The, uh, explosive effect out both ends, often simultaneously, is rather noticeable so we're pretty confident the food is "clean" and have had pretty good results.

Avoiding soy sauce seems harder than avoiding wheat. You know whats in soy sauce other than soy, right?

On one hand, the fad is cool because there's megatons of doubly fake food available at high expense, where its fake processed food to begin with, then fake - fake food because they took the wheat out. So its a fake version of fake food. The problem is lets be blunt here, it tastes pretty awful and its not good for you anyway. You wanna go GF my advice is eat a salad or a steak not an awful simulation of fake wonder bread that tastes like compressed sawdust mixed with potato peelings. I don't even have words to describe the fake GF brownie mix my wife made one time, warm road tar mixed with sand and dog droppings? You wanna eat something unhealthy for desert get a quart of organic fruit juice and a home ice cream maker and make a slushy, if you're going to eat something unhealthy at least let it taste good.

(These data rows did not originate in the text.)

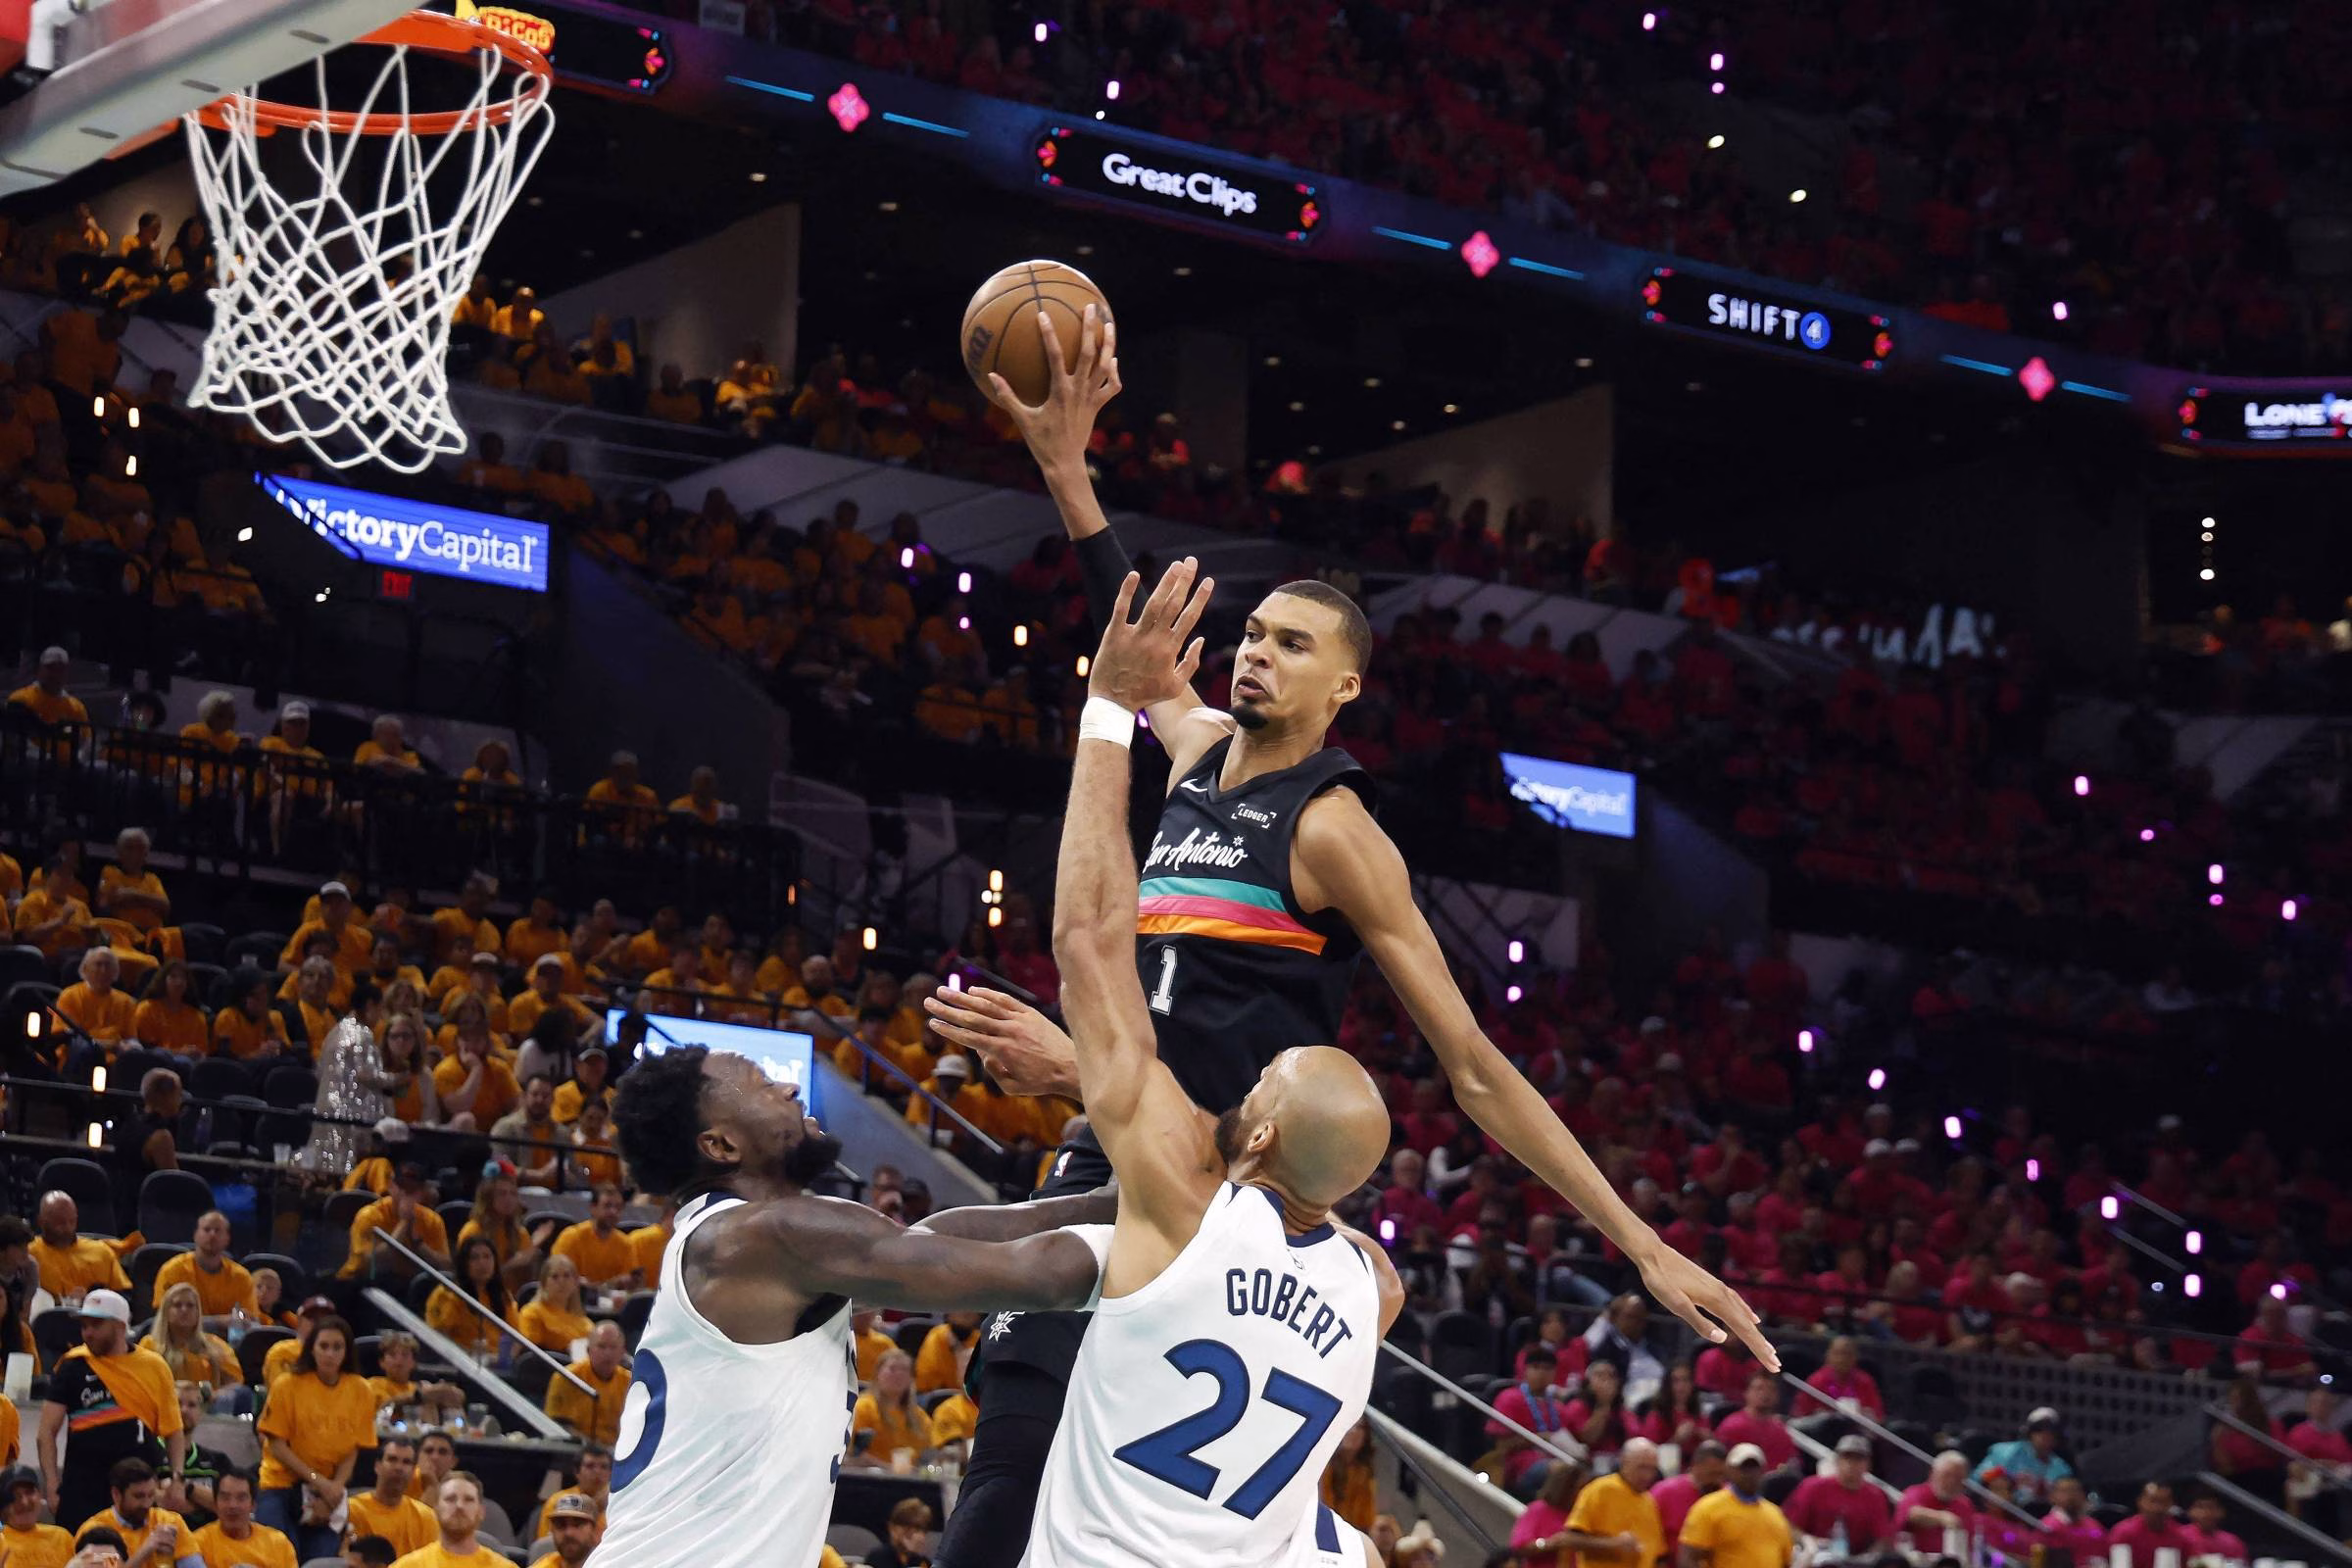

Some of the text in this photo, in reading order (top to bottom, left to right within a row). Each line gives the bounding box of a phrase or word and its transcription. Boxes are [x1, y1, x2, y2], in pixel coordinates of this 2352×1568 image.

[1102, 153, 1257, 217] Great Clips
[1164, 827, 1249, 871] Antonio
[1238, 808, 1269, 823] LEDGER
[1148, 944, 1178, 1016] 1
[1226, 1267, 1353, 1359] GOBERT
[1112, 1338, 1344, 1521] 27

I've had this argument quite a few times with my son which when paraphrased is something like, dad why do we have to eat this icky fake lasagna with icky fake garlic bread and then have icky fake apple pie when I loved the grilled homemade honey mustard chicken breasts and a light salad from last night, dad? Dad's homemade stir fries are awesome how come we're stuck eating burgers on icky fake buns tonight? (you can make stir fries without soy sauce...)

I know that most soy sauces have wheat in them.

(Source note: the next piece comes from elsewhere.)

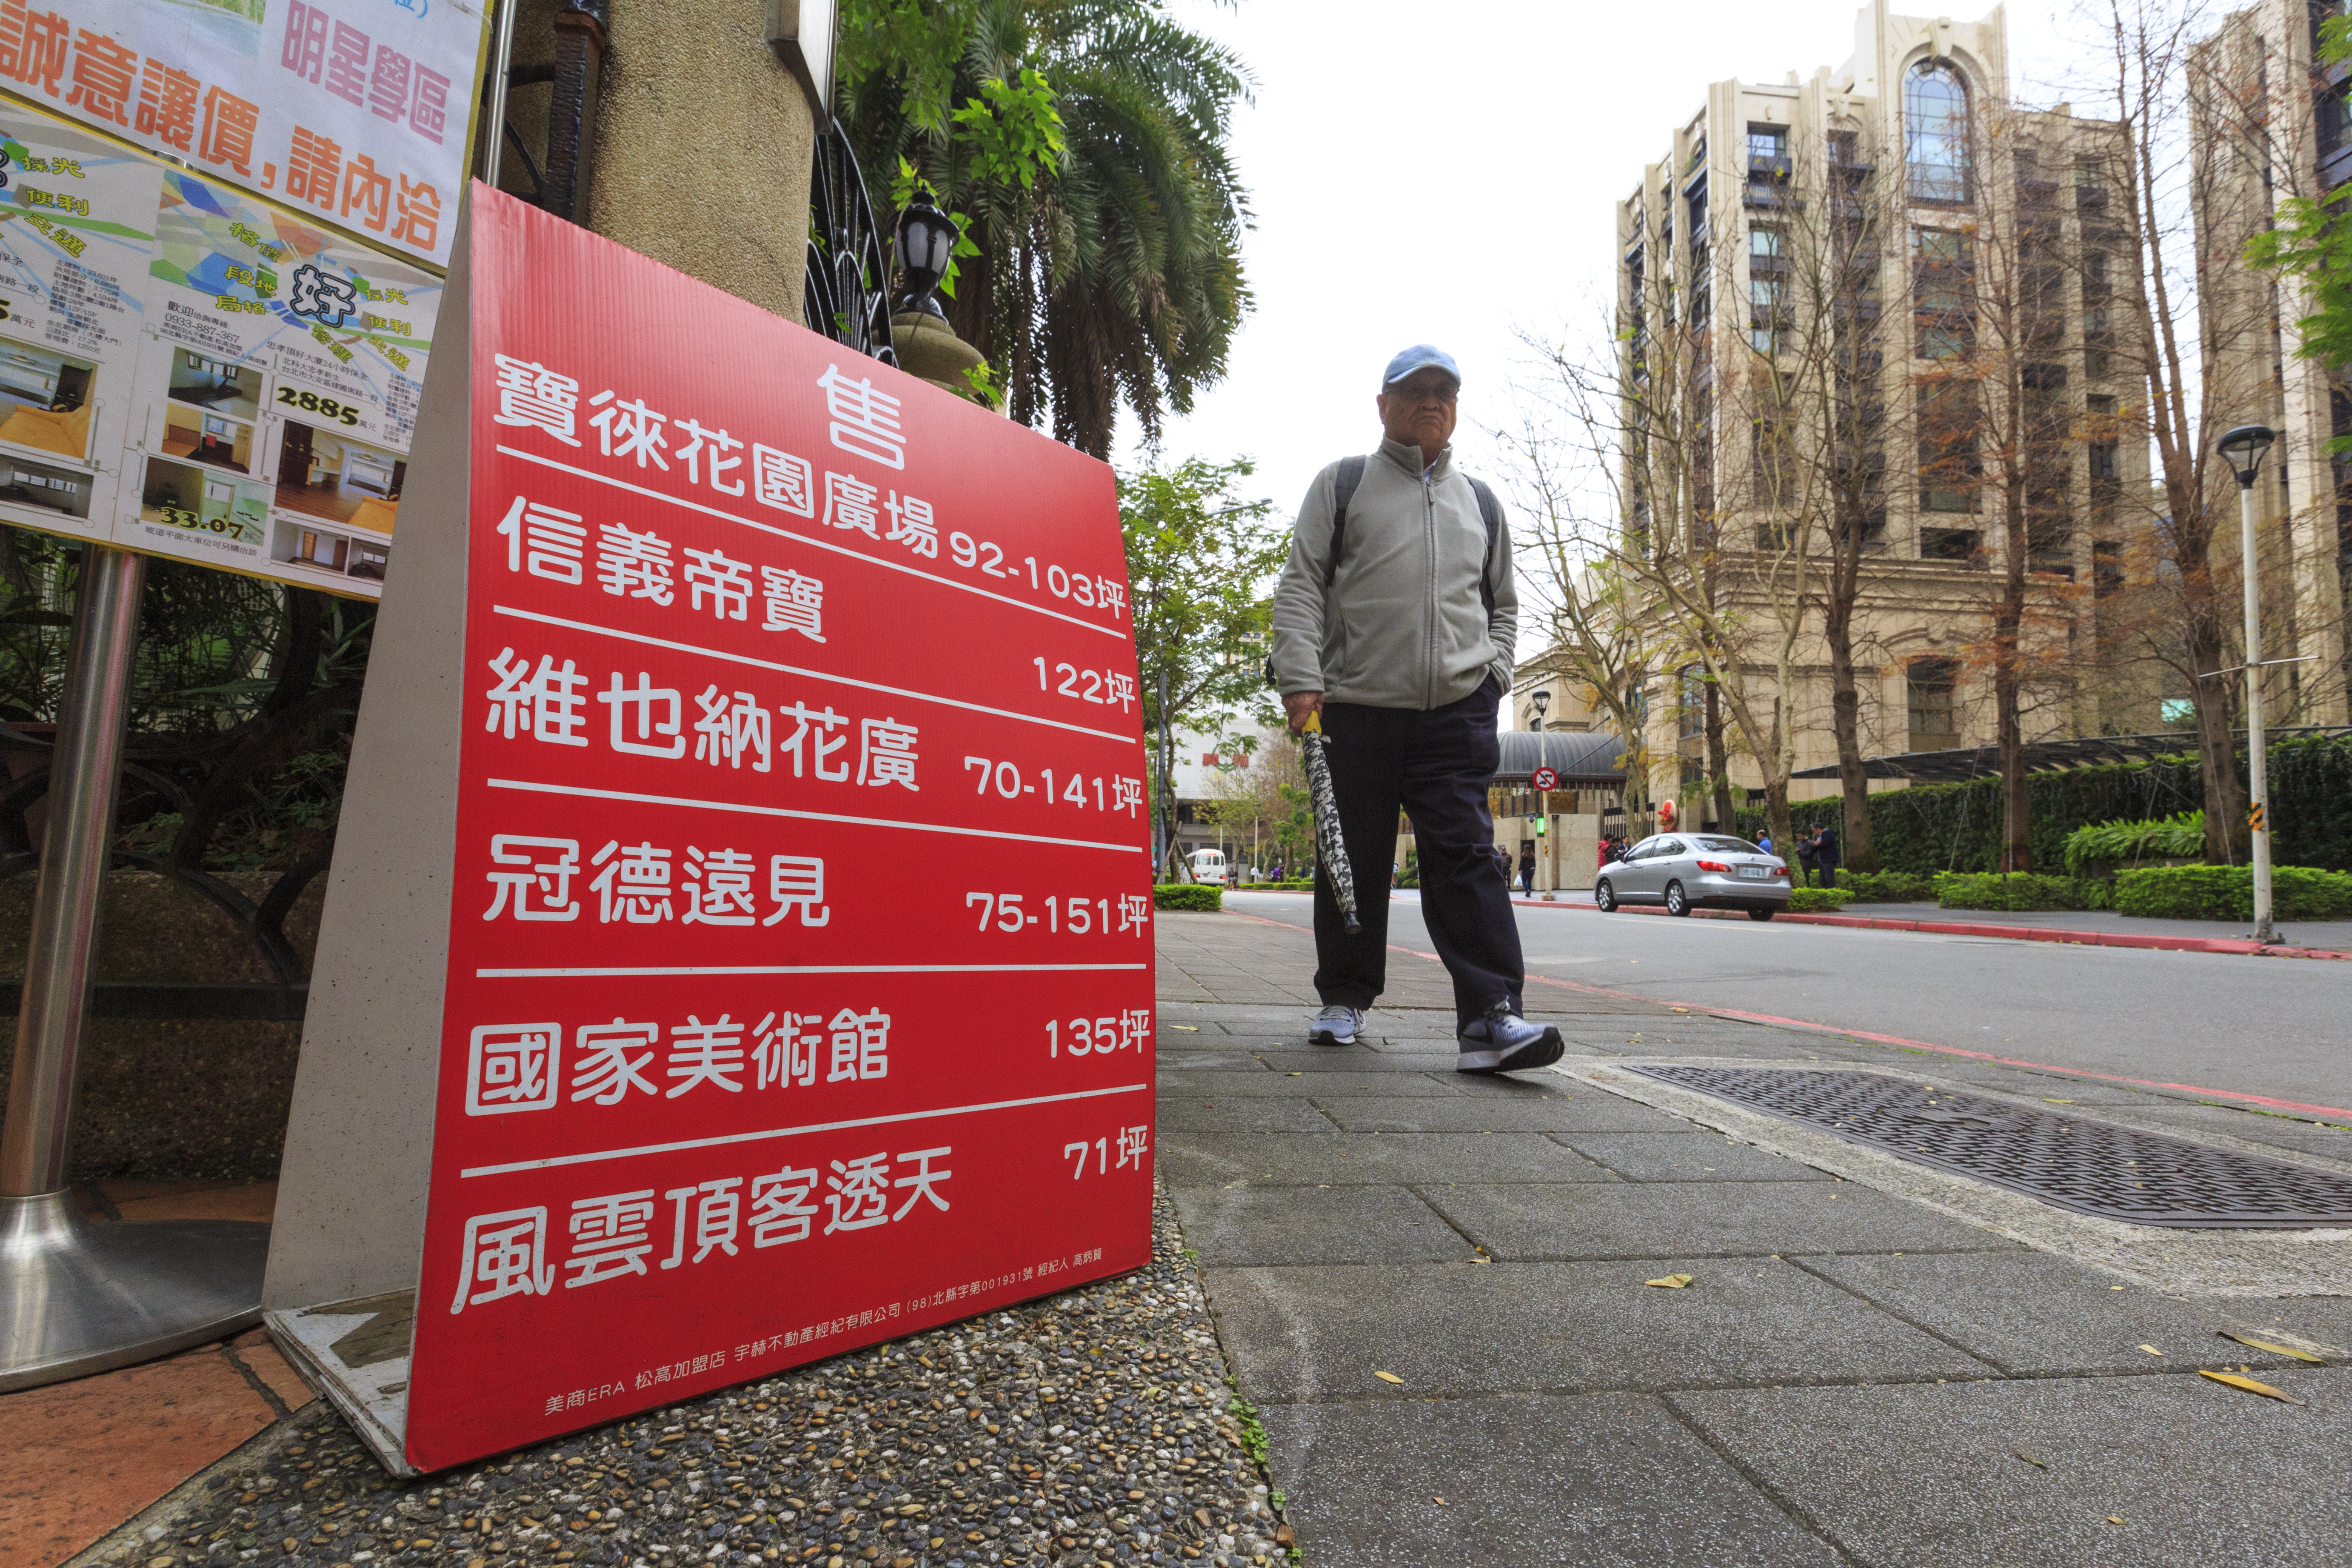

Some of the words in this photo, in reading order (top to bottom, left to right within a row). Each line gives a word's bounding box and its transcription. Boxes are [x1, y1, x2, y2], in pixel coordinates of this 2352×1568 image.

Maybe once I've had more time post-diagnosis, I'll trust salad bars again, but shortly after my biopsy confirmed that I have celiac, I ate at a salad bar and was sick for days.

Far more insidious and scary are lentils, which should be fine, but are often processed with barley, or anything in the bulk section of the grocery store. My wallet certainly wishes that I could buy from bulk bins again.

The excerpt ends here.